One thing we should consider is sufficient numeric similarity between methods that retain autocorrelations.

Notice that me and @kahaaga in general test the methods with the systems showed in the papers before merging, and don't merge if we can't replicate a paper. So in a way you are "safe" if you are using the methods here, even if they don't have unit tests.

Datseris commented 4 years ago

p.s.: 1.0 is out, but we will wait a bit on the paper to have some more methods merged in.

kahaaga commented 4 years ago

Are there any tests, to make sure, that the surrogates we construct have the correct properties? I looked at the tests here, but they are only checking for the length of the surrogate.

For RandomFourier I would just "test" it by checking that the autocorrelation function for the surrogate and the original data are roughly equivalent (since that is the property the surrogates are supposed to preserve). You can use surroplot(x, s) for that, where x is the original time series and s is a surrogate realization. As you can see in the documentation, that's what we use to show that the methods work "well enough".

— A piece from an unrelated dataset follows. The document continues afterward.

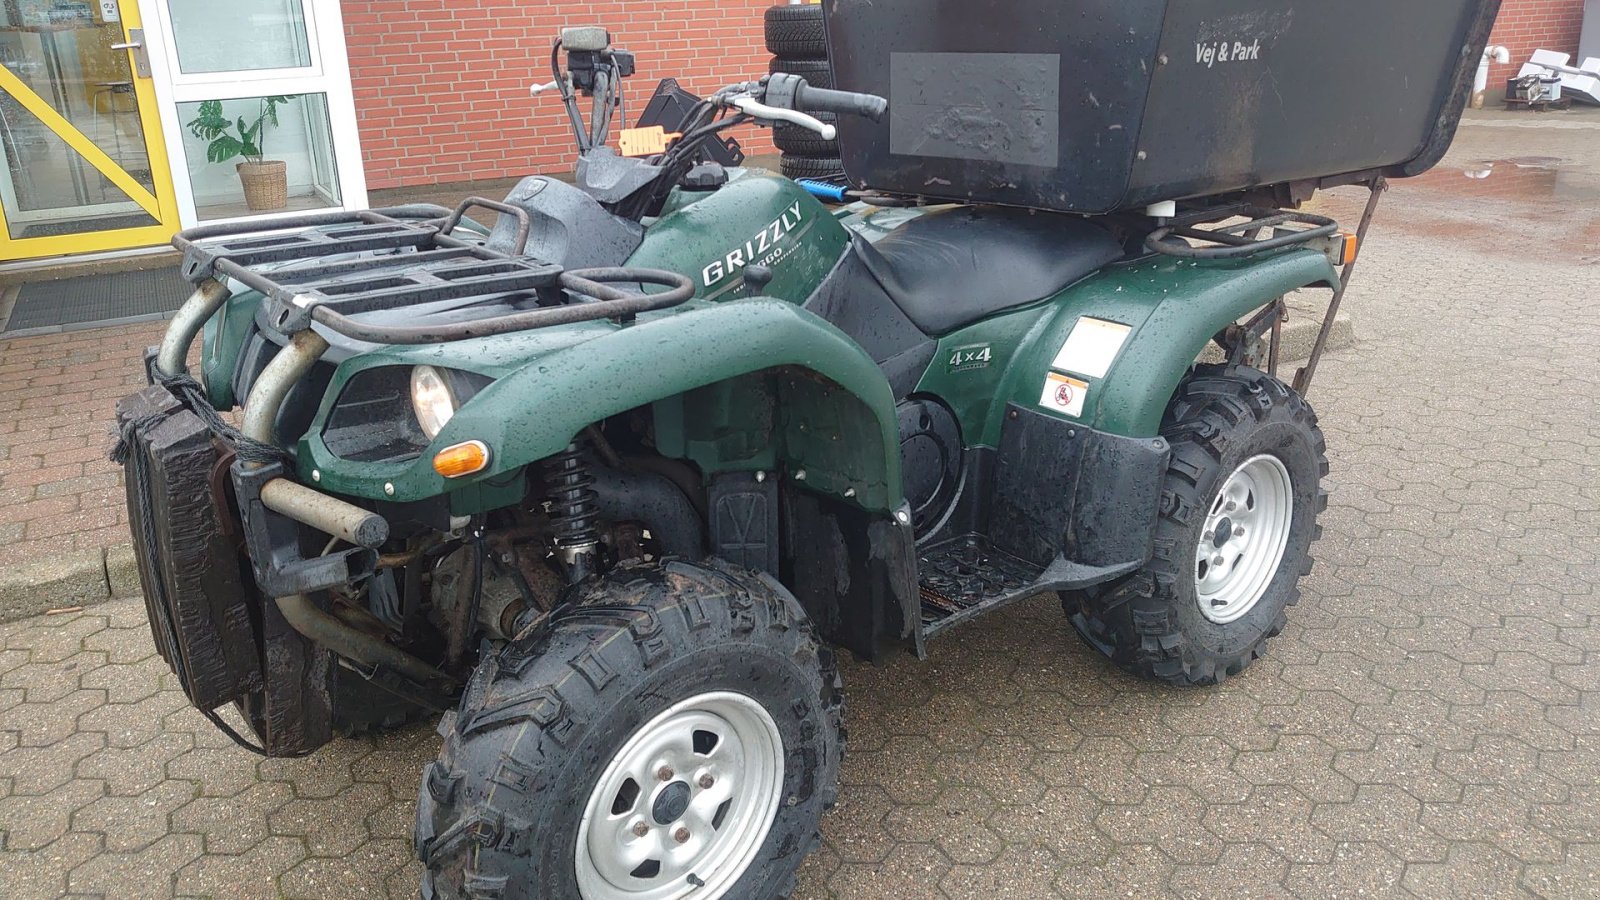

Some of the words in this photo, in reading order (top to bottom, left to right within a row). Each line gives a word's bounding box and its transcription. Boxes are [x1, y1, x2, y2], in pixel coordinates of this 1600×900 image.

[1196, 41, 1217, 68] Vej
[1218, 41, 1228, 62] &
[1231, 38, 1260, 61] Park
[702, 201, 802, 287] GRIZZLY

For now, you can just check this for a few well-behaved example time series (stationary, with at least some form of periodicity) and we can add the examples to the "example applications" docs page.

I have a nearly working version of the RandomFourier method based on nufft from the FastTransforms package. I am going to tidy it up today and will open a pull request so that we can push this further this week.

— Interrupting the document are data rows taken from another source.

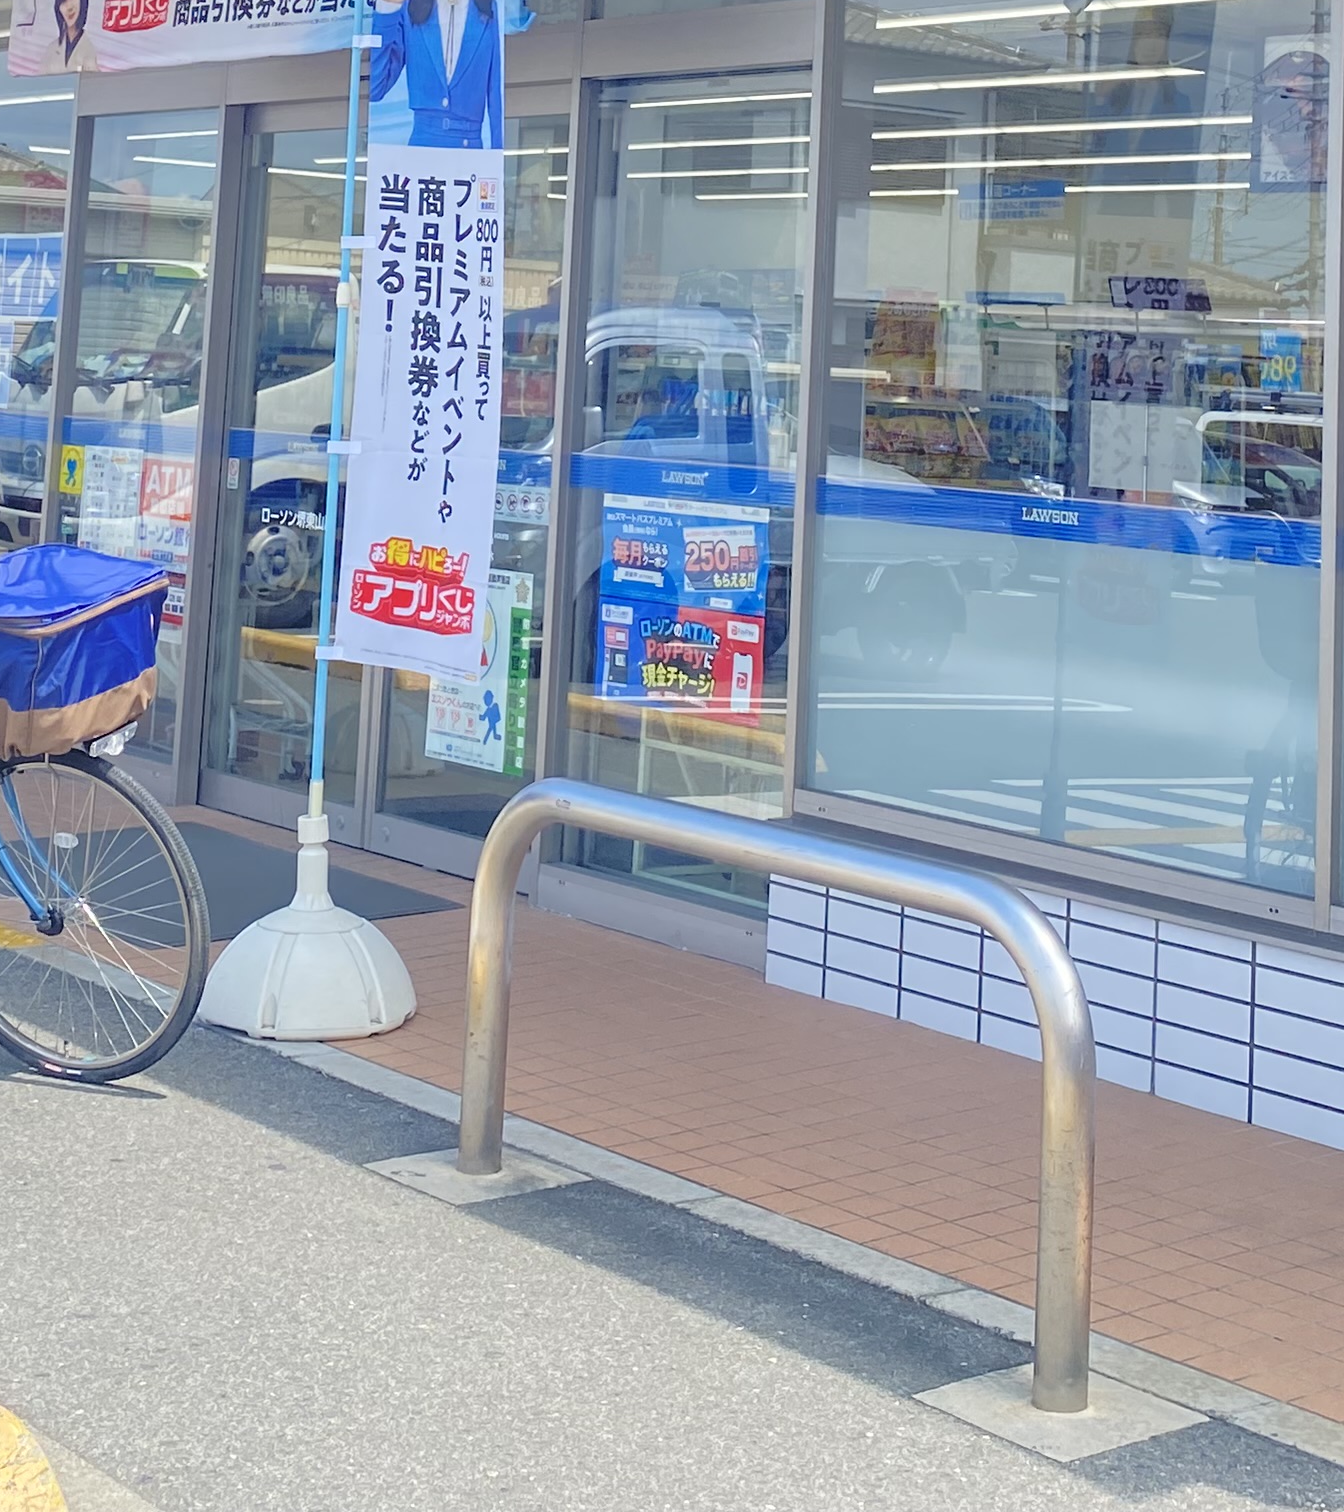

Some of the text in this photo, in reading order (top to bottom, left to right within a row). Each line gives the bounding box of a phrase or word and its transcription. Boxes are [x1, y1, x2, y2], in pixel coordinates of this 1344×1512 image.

[376, 174, 411, 332] 当たる!
[407, 176, 446, 481] 商品引換券などが
[438, 174, 476, 523] プレミアムイベントや
[146, 465, 193, 497] ATM
[662, 470, 705, 486] LAWSON
[1022, 507, 1079, 525] LAWSON
[613, 538, 668, 566] 毎月 もらえる
[642, 556, 668, 568] クーポン
[353, 573, 474, 621] ローソン アプリくじ
[436, 609, 472, 631] ジャンボ
[641, 619, 721, 649] ローソンのATMで
[645, 639, 714, 670] PayPayに
[641, 662, 715, 699] 現金チャージ!

Nice! Looking forward to see what you've come up with!

Don't worry about having it in a perfect state, as long as the algorithm does roughly what it promises. Once you make the PR, we can make any necessary adjustments to the code.

If we get a working implementation of this going for RandomFourier, then I can quickly extend the AAFT, IAAFT and the truncated versions of all the Fourier based methods also for irregularly sampled data, which would be a huge improvement.

But let's focus on the RandomFourier first, and take it from there. We'll have to think a bit about how the api should handle the irregularly sampled data.

felixcremer commented 4 years ago

I have a nearly working version of the RandomFourier method based on nufft from the FastTransforms package.

Unfortunately, I was too optimistic with that. I have a rough draft ready, but unfortunately, I can't force the inverse non-uniform fourier transform to return a real valued time series and it doesn't have the nice symmetry properties, so that we can't use only one half of the frequencies for the shuffle to then mirror them to get a nice symmetric transform, which yields a real valued time series.

I also had a look at the IAAFT and there we could use a nufft to get the periodogram, but in the end this is conceptionally similar to the algorithm based on lombscargle described by Schmitz and Schreiber, that I started implementing that one.

Datseris commented 4 years ago

hehe, tough life is tough right? :D

kahaaga commented 4 years ago

Unfortunately, I was too optimistic with that. I have a rough draft ready, but unfortunately, I can't force the inverse non-uniform fourier transform to return a real valued time series and it doesn't have the nice symmetry properties, so that we can't use only one half of the frequencies for the shuffle to then mirror them to get a nice symmetric transform, which yields a real valued time series.

I also had a look at the IAAFT and there we could use a nufft to get the periodogram, but in the end this is conceptionally similar to the algorithm based on lombscargle described by Schmitz and Schreiber, that I started implementing that one.

We can have a look at that at a later stage. For now, it is just amazing that we can use irregularly sampled data at all. Nice job!